#### [TASK GOAL]
The listing below is to be reproduced in full, character for character.
###
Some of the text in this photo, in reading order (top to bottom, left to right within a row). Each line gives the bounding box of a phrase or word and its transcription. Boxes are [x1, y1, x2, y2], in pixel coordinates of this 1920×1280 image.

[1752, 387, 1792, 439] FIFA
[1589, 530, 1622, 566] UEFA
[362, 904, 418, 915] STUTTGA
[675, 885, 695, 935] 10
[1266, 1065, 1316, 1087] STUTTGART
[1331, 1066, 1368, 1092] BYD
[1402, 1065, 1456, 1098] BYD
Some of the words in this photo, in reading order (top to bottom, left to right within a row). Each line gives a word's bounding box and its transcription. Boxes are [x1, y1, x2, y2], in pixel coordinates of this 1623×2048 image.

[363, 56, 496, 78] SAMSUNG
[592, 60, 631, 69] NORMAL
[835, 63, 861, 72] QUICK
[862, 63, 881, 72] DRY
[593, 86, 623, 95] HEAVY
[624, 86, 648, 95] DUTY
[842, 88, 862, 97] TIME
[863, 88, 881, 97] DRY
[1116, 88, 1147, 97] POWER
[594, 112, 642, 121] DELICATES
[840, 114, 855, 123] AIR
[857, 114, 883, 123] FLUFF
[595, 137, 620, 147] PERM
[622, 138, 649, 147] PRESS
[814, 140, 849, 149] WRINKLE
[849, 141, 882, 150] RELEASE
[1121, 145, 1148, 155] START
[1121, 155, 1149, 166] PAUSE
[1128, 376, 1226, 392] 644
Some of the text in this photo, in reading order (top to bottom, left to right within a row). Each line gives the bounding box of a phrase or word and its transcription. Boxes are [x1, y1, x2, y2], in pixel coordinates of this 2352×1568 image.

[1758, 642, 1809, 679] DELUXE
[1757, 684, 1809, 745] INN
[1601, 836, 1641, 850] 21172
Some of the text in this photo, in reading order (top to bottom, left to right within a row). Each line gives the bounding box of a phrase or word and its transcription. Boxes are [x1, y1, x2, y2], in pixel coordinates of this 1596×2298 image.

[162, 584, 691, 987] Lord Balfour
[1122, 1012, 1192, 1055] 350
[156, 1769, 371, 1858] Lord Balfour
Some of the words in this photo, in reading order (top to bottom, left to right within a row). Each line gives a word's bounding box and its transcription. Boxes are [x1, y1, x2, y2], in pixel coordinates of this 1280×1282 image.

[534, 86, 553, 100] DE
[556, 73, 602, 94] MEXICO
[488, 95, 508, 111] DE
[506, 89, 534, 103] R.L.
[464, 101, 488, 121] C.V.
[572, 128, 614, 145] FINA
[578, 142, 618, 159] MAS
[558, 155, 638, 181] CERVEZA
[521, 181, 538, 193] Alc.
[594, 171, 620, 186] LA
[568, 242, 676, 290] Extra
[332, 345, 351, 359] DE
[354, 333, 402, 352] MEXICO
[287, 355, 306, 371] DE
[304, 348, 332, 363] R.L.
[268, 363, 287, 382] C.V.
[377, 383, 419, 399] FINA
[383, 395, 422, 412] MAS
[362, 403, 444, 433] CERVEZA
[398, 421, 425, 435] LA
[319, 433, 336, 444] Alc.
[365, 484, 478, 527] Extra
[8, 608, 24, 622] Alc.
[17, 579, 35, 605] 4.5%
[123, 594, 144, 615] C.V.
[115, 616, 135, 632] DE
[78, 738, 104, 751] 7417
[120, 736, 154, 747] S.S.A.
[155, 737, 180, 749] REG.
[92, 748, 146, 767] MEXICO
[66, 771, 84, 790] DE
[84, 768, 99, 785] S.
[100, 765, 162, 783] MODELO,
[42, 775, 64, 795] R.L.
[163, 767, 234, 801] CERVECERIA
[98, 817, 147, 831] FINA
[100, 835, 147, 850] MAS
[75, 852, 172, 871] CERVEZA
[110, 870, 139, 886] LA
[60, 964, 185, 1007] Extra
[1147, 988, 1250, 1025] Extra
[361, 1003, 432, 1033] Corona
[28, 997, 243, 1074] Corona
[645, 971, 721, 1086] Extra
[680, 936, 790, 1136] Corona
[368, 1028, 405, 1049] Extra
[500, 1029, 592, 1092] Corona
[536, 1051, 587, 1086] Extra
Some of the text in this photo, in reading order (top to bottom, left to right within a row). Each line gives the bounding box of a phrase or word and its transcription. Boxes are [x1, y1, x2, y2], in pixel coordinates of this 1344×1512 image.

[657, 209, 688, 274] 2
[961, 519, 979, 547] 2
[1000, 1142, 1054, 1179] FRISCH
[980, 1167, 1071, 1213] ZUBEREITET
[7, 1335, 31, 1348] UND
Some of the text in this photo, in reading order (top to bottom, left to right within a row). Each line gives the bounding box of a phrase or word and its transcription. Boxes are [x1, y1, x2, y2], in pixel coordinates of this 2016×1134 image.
###
#### [OUTPUT OF THE EXERCISE]
Some of the text in this photo, in reading order (top to bottom, left to right within a row). Each line gives the bounding box of a phrase or word and its transcription. Boxes are [x1, y1, x2, y2], in pixel coordinates of this 1920×1280 image.

[1752, 387, 1792, 439] FIFA
[1589, 530, 1622, 566] UEFA
[362, 904, 418, 915] STUTTGA
[675, 885, 695, 935] 10
[1266, 1065, 1316, 1087] STUTTGART
[1331, 1066, 1368, 1092] BYD
[1402, 1065, 1456, 1098] BYD
Some of the words in this photo, in reading order (top to bottom, left to right within a row). Each line gives a word's bounding box and its transcription. Boxes are [x1, y1, x2, y2], in pixel coordinates of this 1623×2048 image.

[363, 56, 496, 78] SAMSUNG
[592, 60, 631, 69] NORMAL
[835, 63, 861, 72] QUICK
[862, 63, 881, 72] DRY
[593, 86, 623, 95] HEAVY
[624, 86, 648, 95] DUTY
[842, 88, 862, 97] TIME
[863, 88, 881, 97] DRY
[1116, 88, 1147, 97] POWER
[594, 112, 642, 121] DELICATES
[840, 114, 855, 123] AIR
[857, 114, 883, 123] FLUFF
[595, 137, 620, 147] PERM
[622, 138, 649, 147] PRESS
[814, 140, 849, 149] WRINKLE
[849, 141, 882, 150] RELEASE
[1121, 145, 1148, 155] START
[1121, 155, 1149, 166] PAUSE
[1128, 376, 1226, 392] 644
Some of the text in this photo, in reading order (top to bottom, left to right within a row). Each line gives the bounding box of a phrase or word and its transcription. Boxes are [x1, y1, x2, y2], in pixel coordinates of this 2352×1568 image.

[1758, 642, 1809, 679] DELUXE
[1757, 684, 1809, 745] INN
[1601, 836, 1641, 850] 21172
Some of the text in this photo, in reading order (top to bottom, left to right within a row). Each line gives the bounding box of a phrase or word and its transcription. Boxes are [x1, y1, x2, y2], in pixel coordinates of this 1596×2298 image.

[162, 584, 691, 987] Lord Balfour
[1122, 1012, 1192, 1055] 350
[156, 1769, 371, 1858] Lord Balfour
Some of the words in this photo, in reading order (top to bottom, left to right within a row). Each line gives a word's bounding box and its transcription. Boxes are [x1, y1, x2, y2], in pixel coordinates of this 1280×1282 image.

[534, 86, 553, 100] DE
[556, 73, 602, 94] MEXICO
[488, 95, 508, 111] DE
[506, 89, 534, 103] R.L.
[464, 101, 488, 121] C.V.
[572, 128, 614, 145] FINA
[578, 142, 618, 159] MAS
[558, 155, 638, 181] CERVEZA
[521, 181, 538, 193] Alc.
[594, 171, 620, 186] LA
[568, 242, 676, 290] Extra
[332, 345, 351, 359] DE
[354, 333, 402, 352] MEXICO
[287, 355, 306, 371] DE
[304, 348, 332, 363] R.L.
[268, 363, 287, 382] C.V.
[377, 383, 419, 399] FINA
[383, 395, 422, 412] MAS
[362, 403, 444, 433] CERVEZA
[398, 421, 425, 435] LA
[319, 433, 336, 444] Alc.
[365, 484, 478, 527] Extra
[8, 608, 24, 622] Alc.
[17, 579, 35, 605] 4.5%
[123, 594, 144, 615] C.V.
[115, 616, 135, 632] DE
[78, 738, 104, 751] 7417
[120, 736, 154, 747] S.S.A.
[155, 737, 180, 749] REG.
[92, 748, 146, 767] MEXICO
[66, 771, 84, 790] DE
[84, 768, 99, 785] S.
[100, 765, 162, 783] MODELO,
[42, 775, 64, 795] R.L.
[163, 767, 234, 801] CERVECERIA
[98, 817, 147, 831] FINA
[100, 835, 147, 850] MAS
[75, 852, 172, 871] CERVEZA
[110, 870, 139, 886] LA
[60, 964, 185, 1007] Extra
[1147, 988, 1250, 1025] Extra
[361, 1003, 432, 1033] Corona
[28, 997, 243, 1074] Corona
[645, 971, 721, 1086] Extra
[680, 936, 790, 1136] Corona
[368, 1028, 405, 1049] Extra
[500, 1029, 592, 1092] Corona
[536, 1051, 587, 1086] Extra
Some of the text in this photo, in reading order (top to bottom, left to right within a row). Each line gives the bounding box of a phrase or word and its transcription. Boxes are [x1, y1, x2, y2], in pixel coordinates of this 1344×1512 image.

[657, 209, 688, 274] 2
[961, 519, 979, 547] 2
[1000, 1142, 1054, 1179] FRISCH
[980, 1167, 1071, 1213] ZUBEREITET
[7, 1335, 31, 1348] UND
Some of the text in this photo, in reading order (top to bottom, left to right within a row). Each line gives the bounding box of a phrase or word and its transcription. Boxes are [x1, y1, x2, y2], in pixel coordinates of this 2016×1134 image.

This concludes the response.